What to work on ▸ Would you copy the line that includes "this 1600×1200 image." and every line that follows it, down to the last line of the listing below, exactly as they stand?

Data ▸
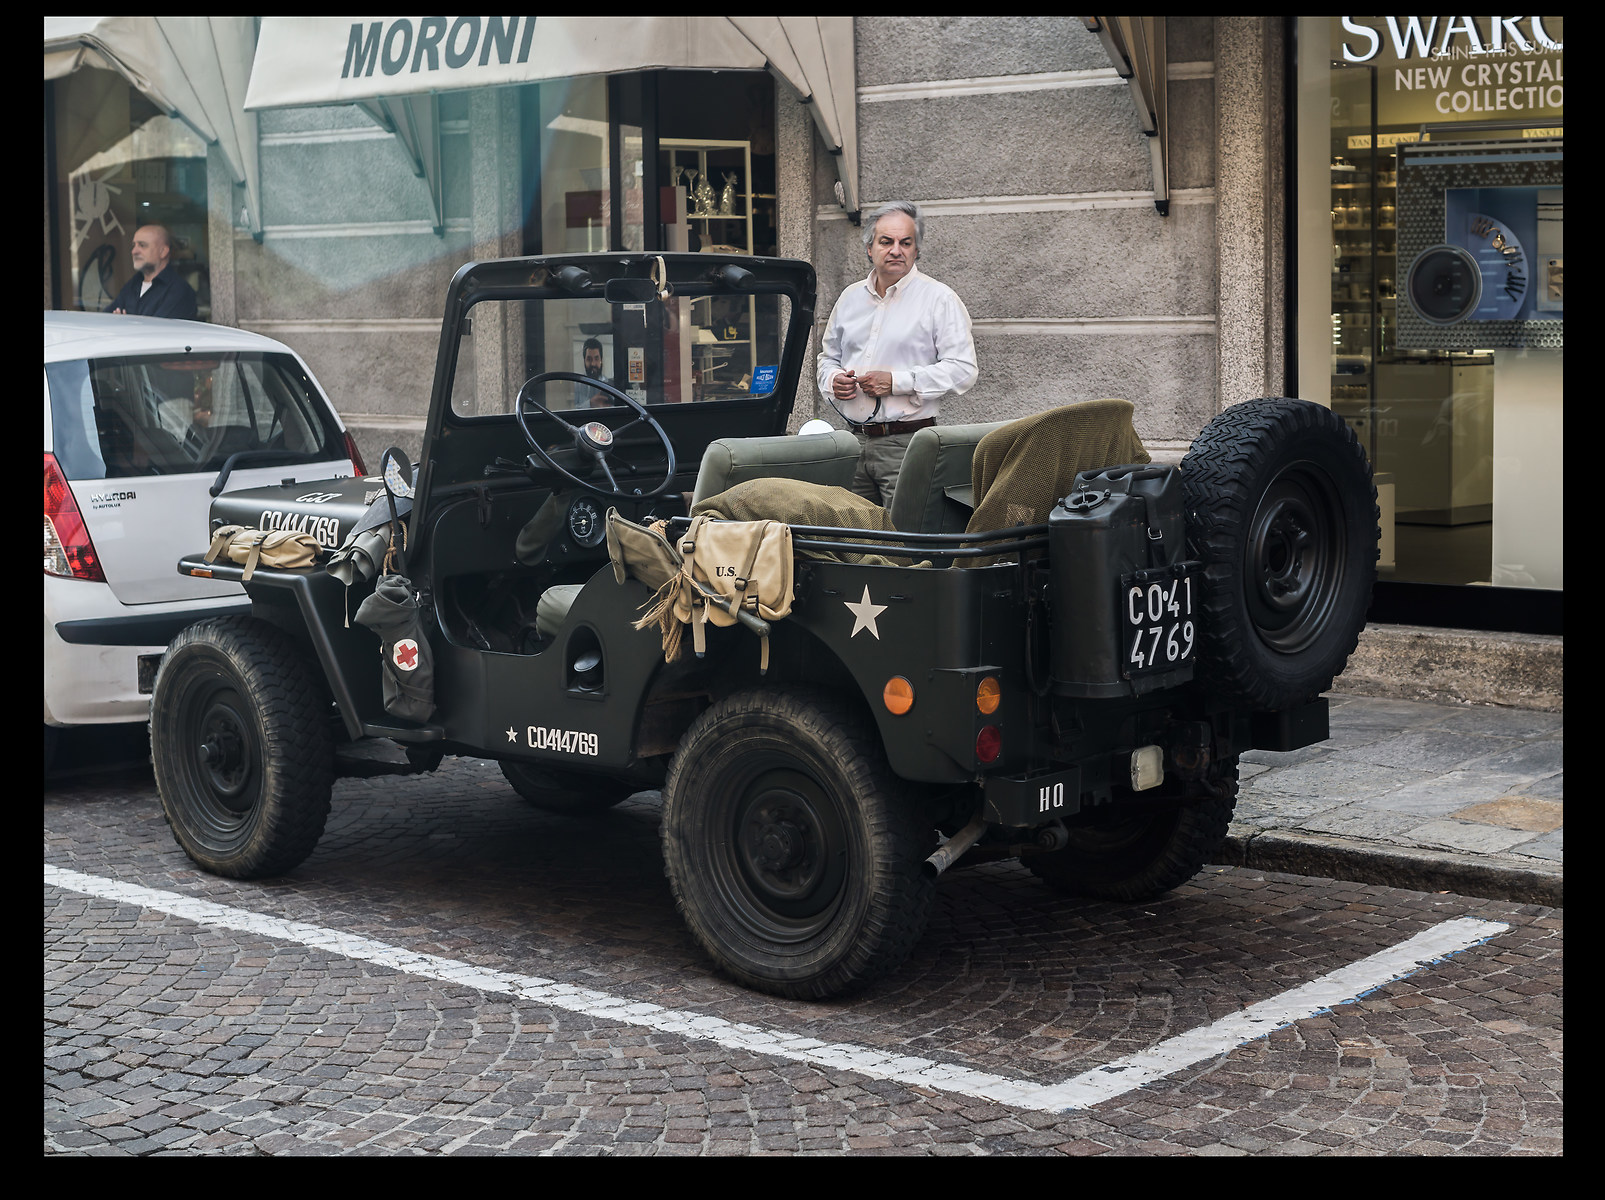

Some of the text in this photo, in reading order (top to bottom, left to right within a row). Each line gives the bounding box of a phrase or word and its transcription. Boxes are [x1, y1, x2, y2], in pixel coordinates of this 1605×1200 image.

[341, 17, 537, 79] MORONI
[1430, 39, 1564, 62] SHINE THIS SUM
[1395, 58, 1564, 91] NEW CRYSTAL
[1435, 84, 1564, 114] COLLECTIO
[295, 492, 343, 504] CJ3
[715, 566, 737, 577] U.S.
[1131, 620, 1194, 669] 4769
[1039, 782, 1064, 812] HQ
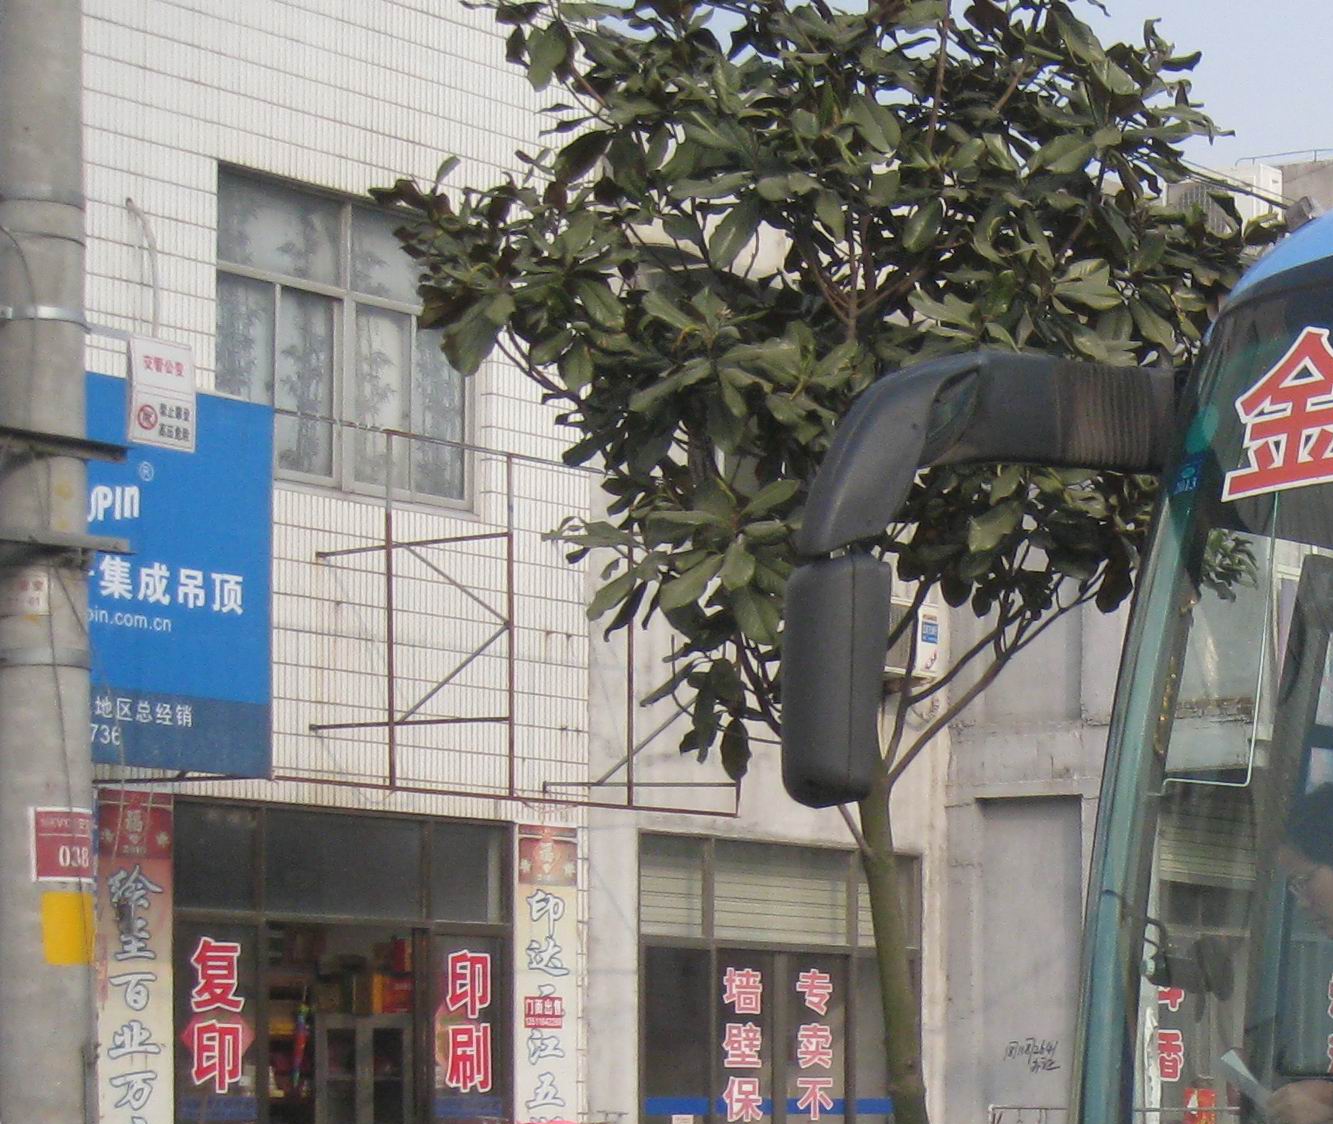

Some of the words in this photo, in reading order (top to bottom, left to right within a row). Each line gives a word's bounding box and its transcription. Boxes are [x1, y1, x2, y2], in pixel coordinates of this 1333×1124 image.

[88, 555, 244, 615] 集成吊顶
[95, 696, 193, 728] 地区总经销
[191, 937, 245, 1093] 复印
[446, 949, 492, 1093] 印刷
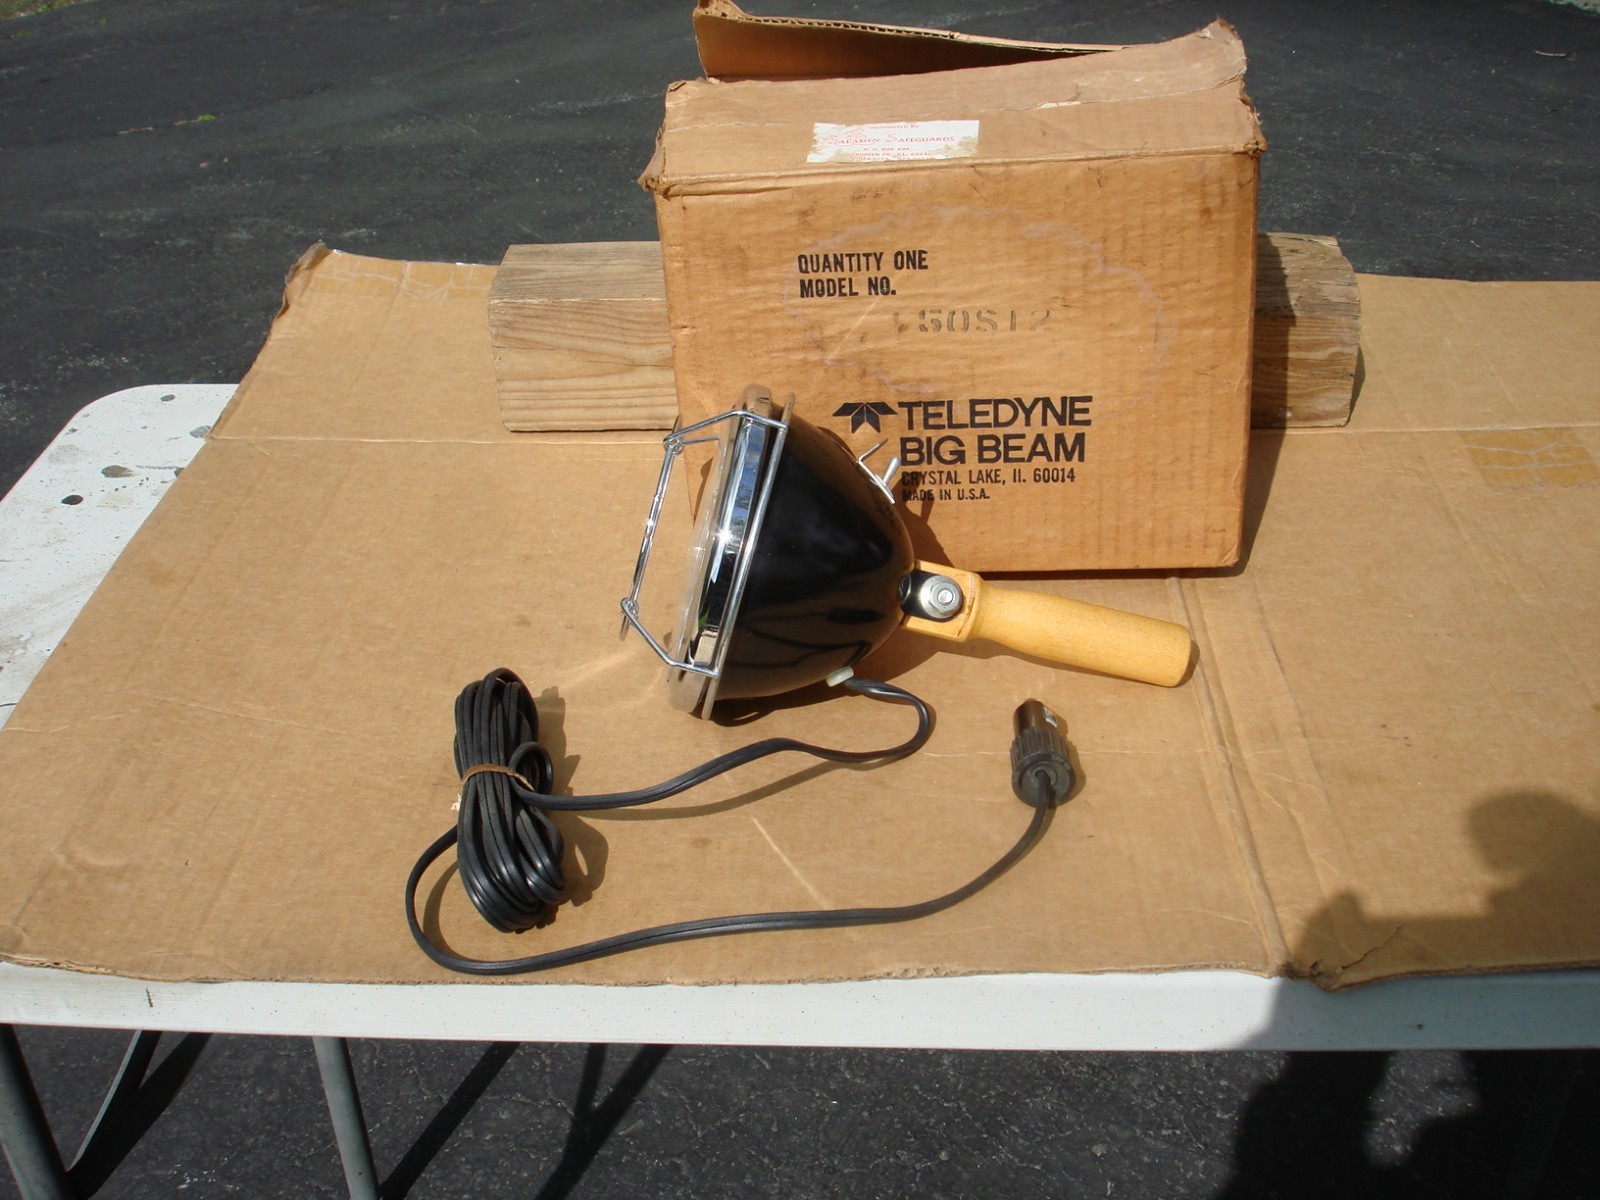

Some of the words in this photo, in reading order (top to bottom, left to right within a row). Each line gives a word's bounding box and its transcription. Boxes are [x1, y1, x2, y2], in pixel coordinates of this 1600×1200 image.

[885, 132, 956, 143] SAFEGUARDS
[797, 251, 884, 274] QUANTITY
[893, 249, 929, 270] ONE
[799, 278, 858, 298] MODEL
[867, 276, 897, 296] NO.
[897, 395, 1093, 431] TELEDYNE
[900, 434, 967, 467] BIG
[977, 432, 1086, 464] BEAM
[902, 470, 962, 487] CRYSTAL
[968, 469, 1006, 486] LAKE,
[1033, 467, 1076, 484] 60014
[902, 488, 934, 502] MADE
[939, 488, 951, 501] IN
[957, 488, 990, 500] U.S.A.

Task output ▸
Some of the words in this photo, in reading order (top to bottom, left to right within a row). Each line gives a word's bounding box and its transcription. Boxes are [x1, y1, x2, y2], in pixel coordinates of this 1600×1200 image.

[885, 132, 956, 143] SAFEGUARDS
[797, 251, 884, 274] QUANTITY
[893, 249, 929, 270] ONE
[799, 278, 858, 298] MODEL
[867, 276, 897, 296] NO.
[897, 395, 1093, 431] TELEDYNE
[900, 434, 967, 467] BIG
[977, 432, 1086, 464] BEAM
[902, 470, 962, 487] CRYSTAL
[968, 469, 1006, 486] LAKE,
[1033, 467, 1076, 484] 60014
[902, 488, 934, 502] MADE
[939, 488, 951, 501] IN
[957, 488, 990, 500] U.S.A.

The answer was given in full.